Puluhan warga desa Kedunggubah kecamatan kaligesing, Purworejo memersiapkan lokasi peletakan batu pertama peringatan tempat lahir tokoh nasional Rm N Driyarkara SJ. Dok pri
Menurut Kepala Desa Kedunggubah, Budiyanto, acara akan dilaksanakan di dua titik. Yang pertama adalah lokasi kelahiran Driyarkara yang ada di satu perbukitan di wilayah desa Kedunggubah. Meski rumah kelahiran kini telah menjadi lahan kosong, namun pada peringatan 100 tahun Driyarkara akan didirikan semacam batu peringatan.

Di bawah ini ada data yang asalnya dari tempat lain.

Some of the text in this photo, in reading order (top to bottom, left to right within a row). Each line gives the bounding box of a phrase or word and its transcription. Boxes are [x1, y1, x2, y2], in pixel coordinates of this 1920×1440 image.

"Selanjutnya acara selamatan akan diadakan di balai desa, diikuti berbagai lapisan masyarakat dan pejabat di Purworejo," jelas Budiyanto ketika ditemui di balai desa Kedunggubah, Rabu (12/6).

Budiyanto menyatakan, masyarakat desa Kedunggubah antusias merayakan hari lahir tokoh rohaniwan Katholik tersebut. pasalnya, semangat yang dikobarkan oleh Rm N Driyarkara tidak hanya untuk umat Katholik tapi juga untuk bangsa Indonesia.

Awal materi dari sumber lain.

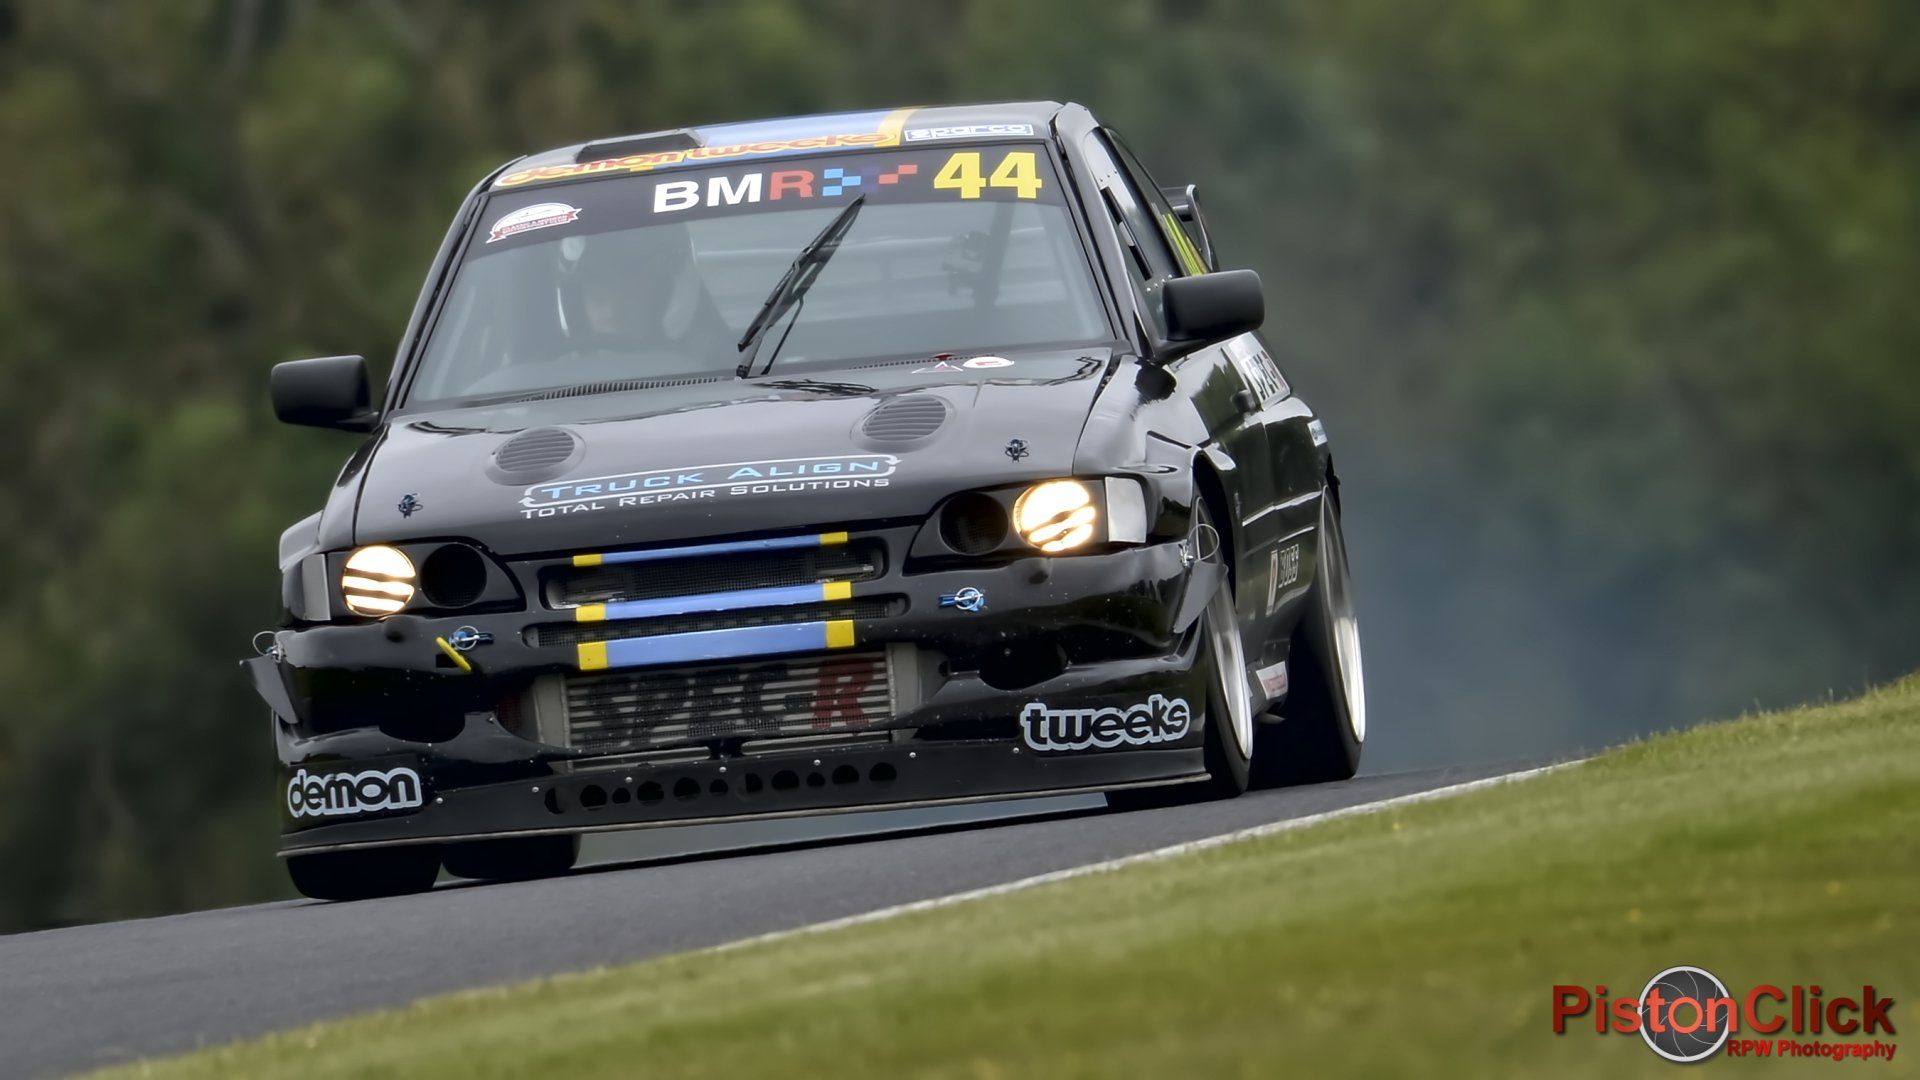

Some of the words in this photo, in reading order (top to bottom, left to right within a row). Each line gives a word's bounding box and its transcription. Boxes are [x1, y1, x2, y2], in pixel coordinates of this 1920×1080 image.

[653, 170, 815, 213] BMR
[932, 152, 1042, 199] 44
[520, 502, 605, 519] TOTAL
[619, 489, 715, 507] REPAIR
[730, 478, 890, 495] SOLUTIONS
[541, 472, 705, 499] TRUCK
[727, 461, 879, 480] ALIGN
[1020, 694, 1190, 751] tweeks
[287, 766, 422, 817] demon
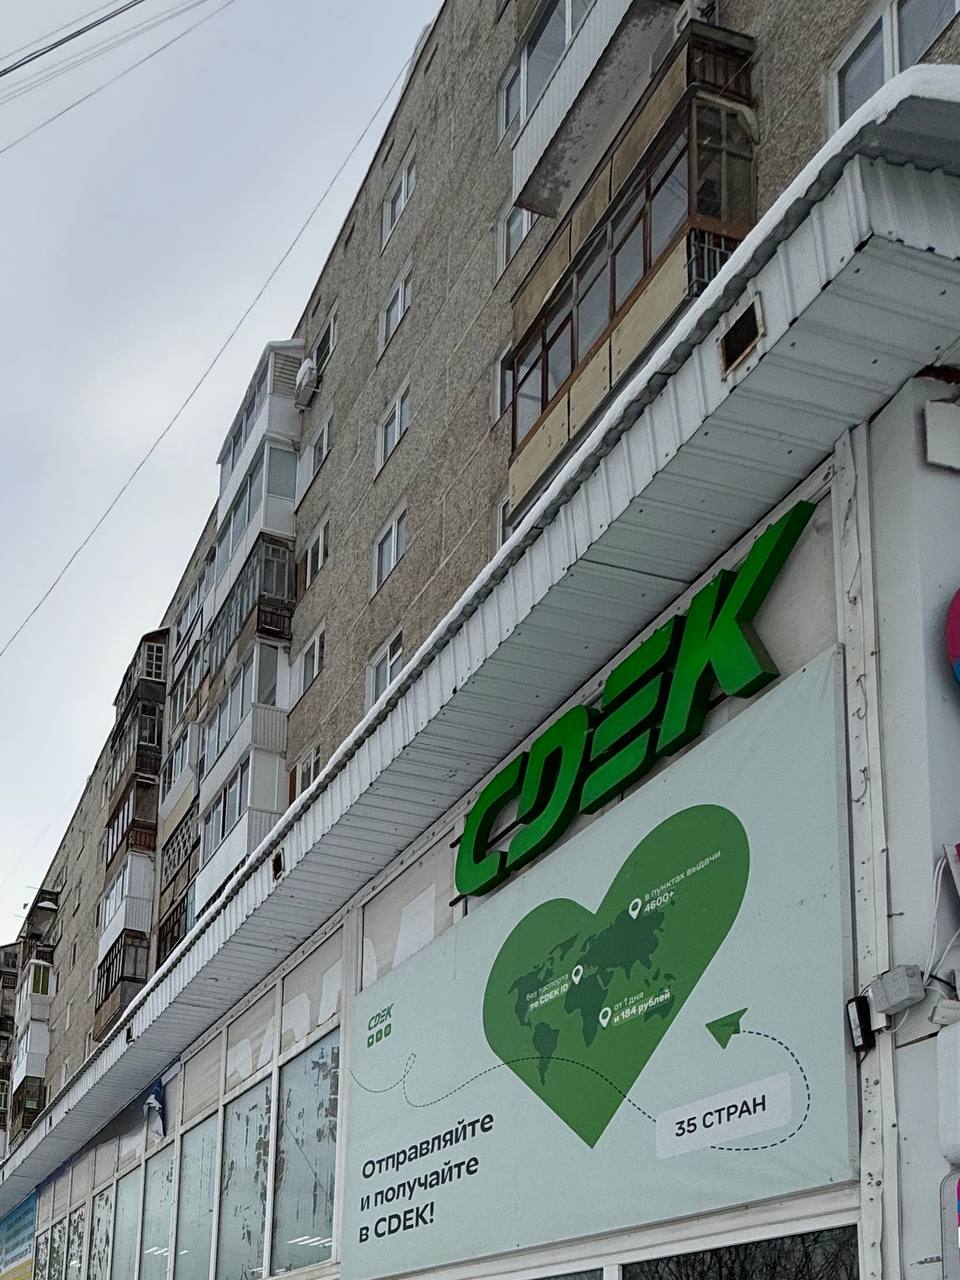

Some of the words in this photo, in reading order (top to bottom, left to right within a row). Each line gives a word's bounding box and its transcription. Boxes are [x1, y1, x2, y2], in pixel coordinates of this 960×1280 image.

[455, 500, 818, 896] CDEK
[651, 872, 686, 898] пунктах
[686, 850, 722, 877] выдачи
[643, 890, 675, 913] 4600+
[538, 973, 569, 994] паспорта
[539, 988, 560, 1004] CDEK
[560, 983, 569, 993] ID
[613, 1001, 623, 1011] от
[628, 991, 645, 1007] дня
[368, 1003, 394, 1031] CDEK
[613, 1015, 620, 1024] и
[620, 1005, 637, 1020] 184
[638, 989, 671, 1015] рублей
[675, 1116, 697, 1136] 35
[702, 1094, 766, 1129] СТРАН
[361, 1112, 494, 1179] Отправляйте
[360, 1194, 371, 1212] и
[374, 1156, 480, 1207] получайте
[358, 1225, 370, 1243] в
[374, 1201, 435, 1239] CDEK!

"Karena itu, warga dari berbagai agama antusias mengikuti acara ini. Semangat dan ajaran beliau menjadi sesuatu yang dibanggakan warga desa ini," lanjutnya.

Berdasarkan informasi yang dihimpun Tribun Jogja, Rm N Driyarkara SJ merupakan pencetus ajaran "manusia adalah kawan bagi sesama". Menurut Driyarkara, sanusia adalah rekan atau teman bagi sesamanya di dunia sosial ini (homo homini socius). Pikiran homo homini socius ini ditaruh untuk mengkritik, mengoreksi, dan memperbaiki sosialitas preman; sosialitas yang saling mengerkah, memangsa, dan saling membenci dalam homo homini lupus (manusia adalah serigala bagi sesamanya).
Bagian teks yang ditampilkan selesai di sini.